The GK Rat: A Prototype for the Study of Non-overweight Type 2 Diabetes

Type 2 diabetes mellitus (T2D) arises when the endocrine pancreas fails to secrete sufficient insulin to cope with the metabolic demand because of β-cell secretory dysfunction and/or decreased β-cell mass. Defining the nature of the pancreatic islet defects present in T2D has been difficult, in part because human islets are inaccessible for direct study. This review is aimed to illustrate to what extent the Goto Kakizaki rat, one of the best characterized animal models of spontaneous T2D, has proved to be a valuable tool offering sufficient commonalities to study this aspect. A comprehensive compendium of the multiple functional GK abnormalities so far identified is proposed in this perspective, together with their time-course and interactions. A special focus is given toward the pathogenesis of defective β-cell number and function in the GK model.
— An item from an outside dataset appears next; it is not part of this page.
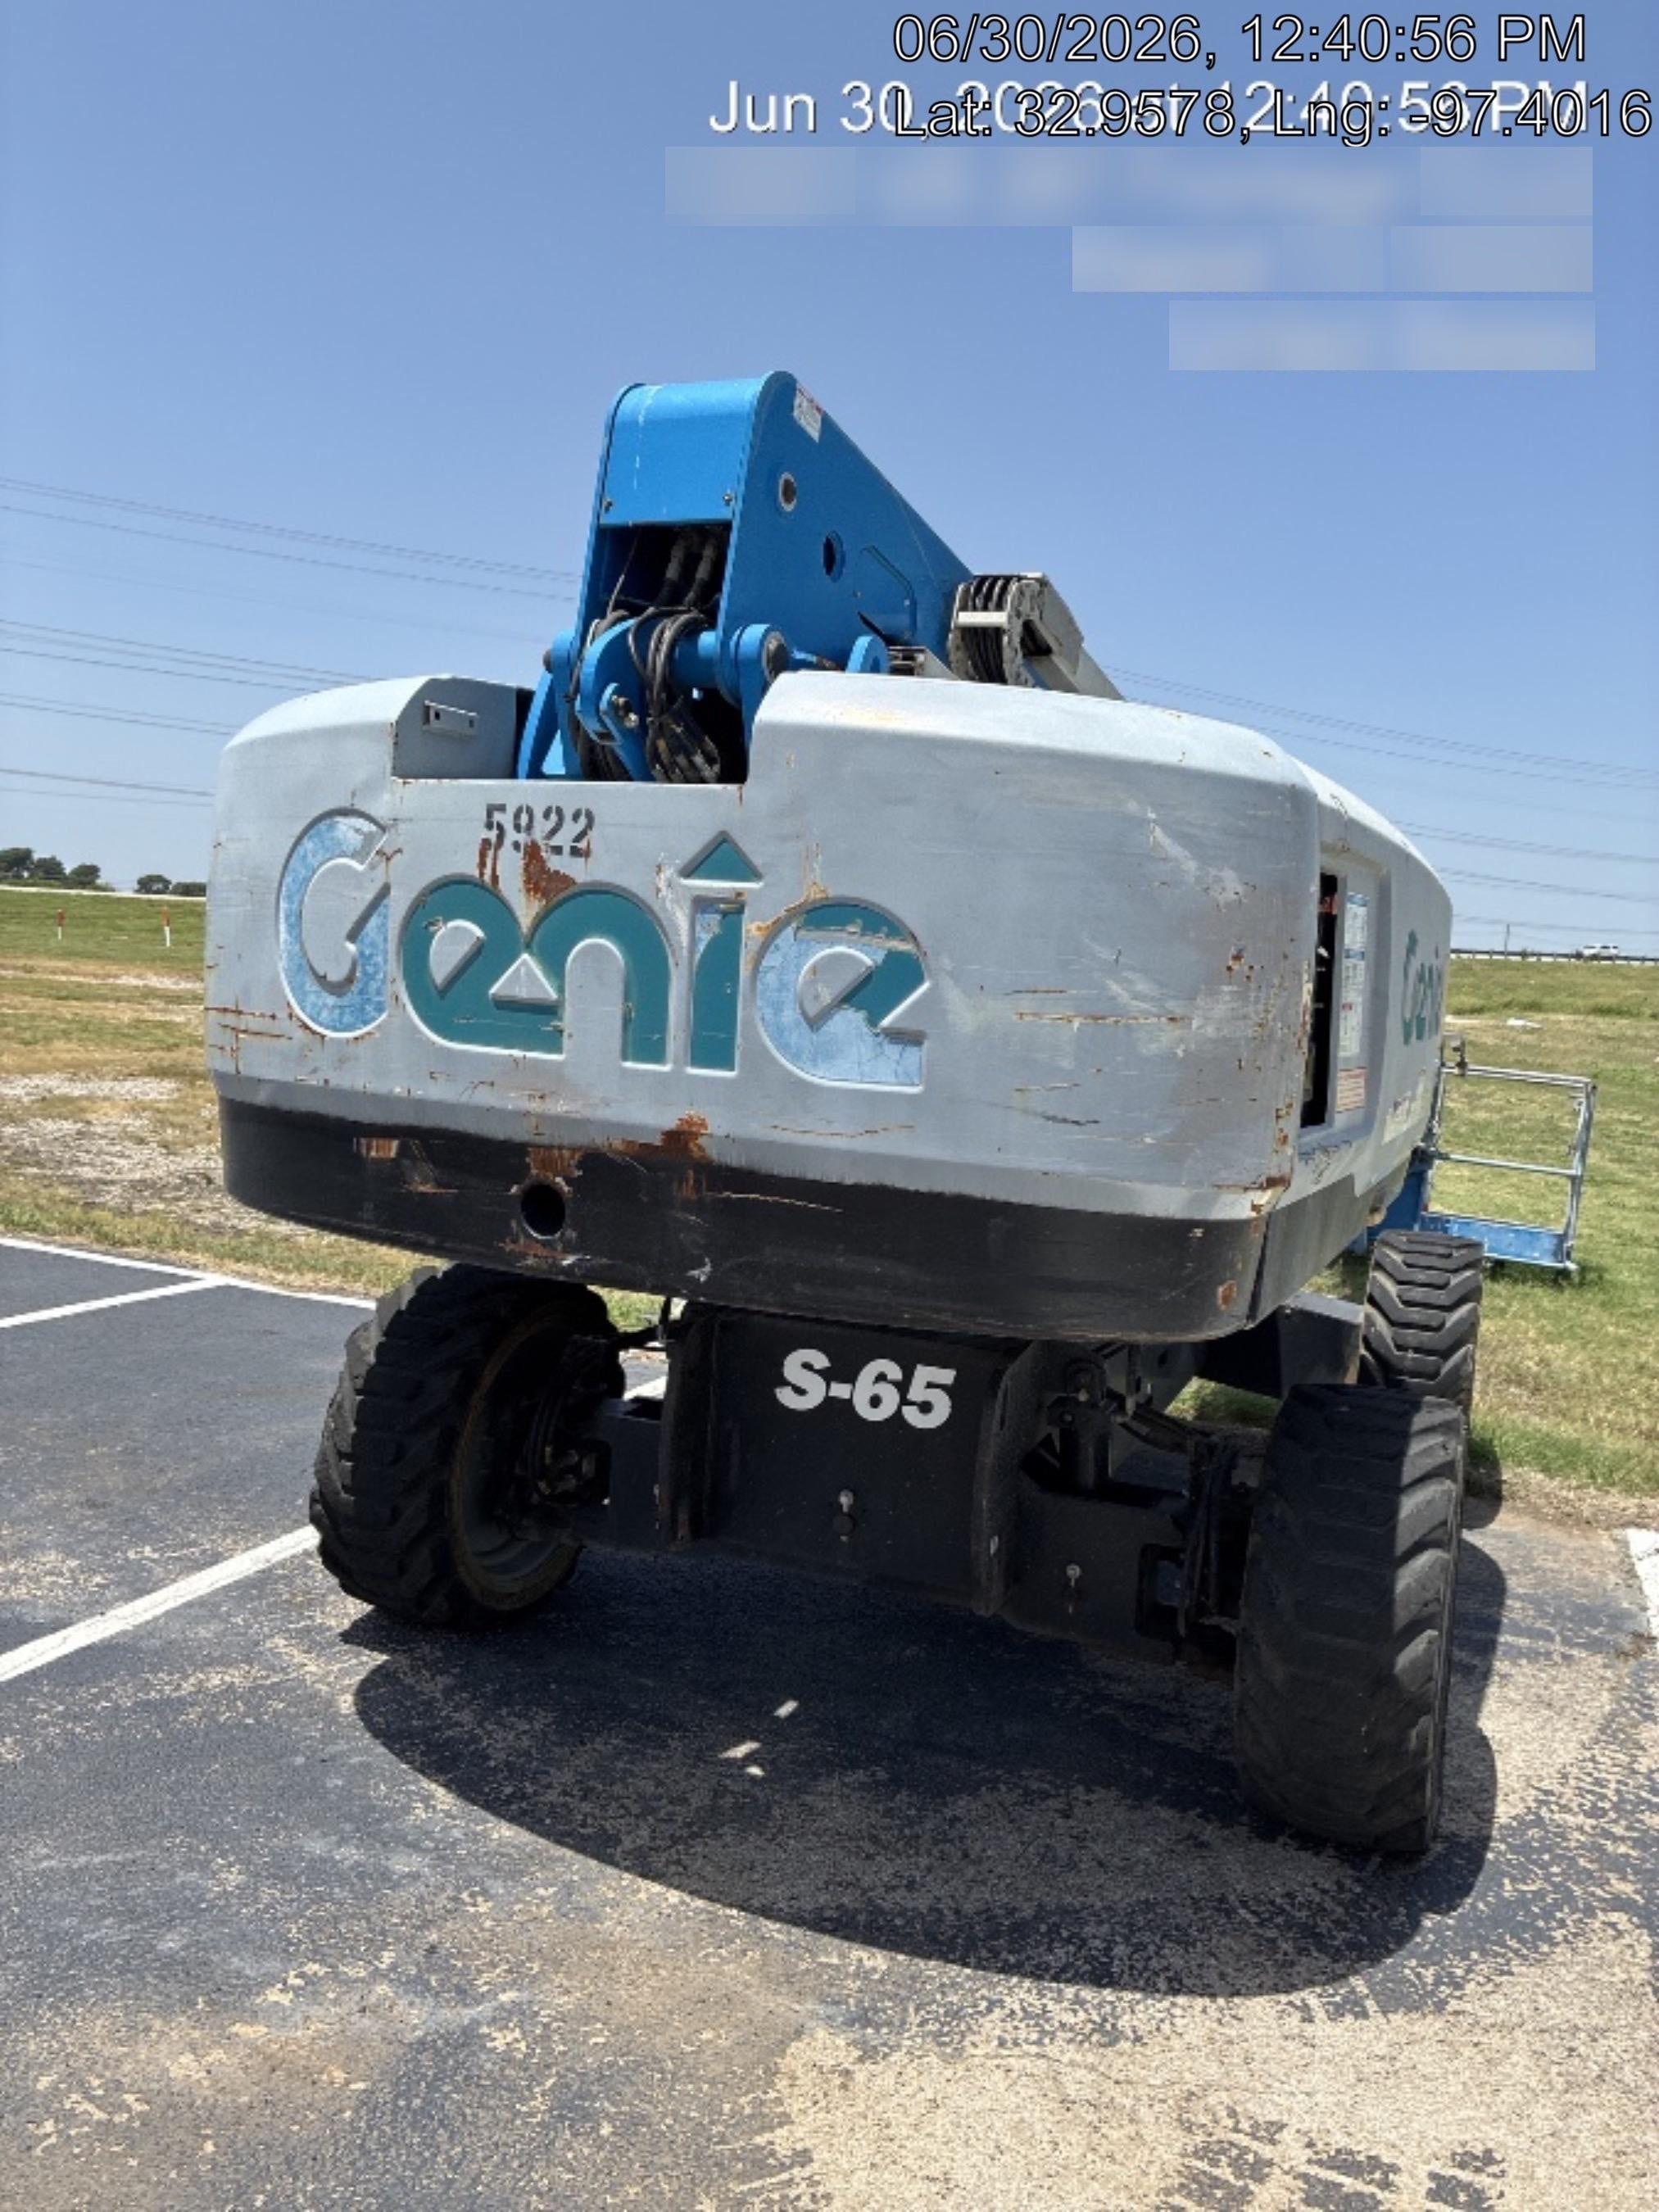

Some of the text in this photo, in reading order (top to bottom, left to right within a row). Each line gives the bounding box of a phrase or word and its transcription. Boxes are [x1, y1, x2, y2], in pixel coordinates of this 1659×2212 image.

It is proposed that the development of T2D in the GK model results from the complex interaction of multiple events: (1) several susceptibility loci containing genes responsible for some diabetic traits; (2) gestational metabolic impairment inducing an epigenetic programming of the offspring pancreas and the major insulin target tissues; and (3) environmentally induced loss of β-cell differentiation due to chronic exposure to hyperglycemia/hyperlipidemia, inflammation, and oxidative stress.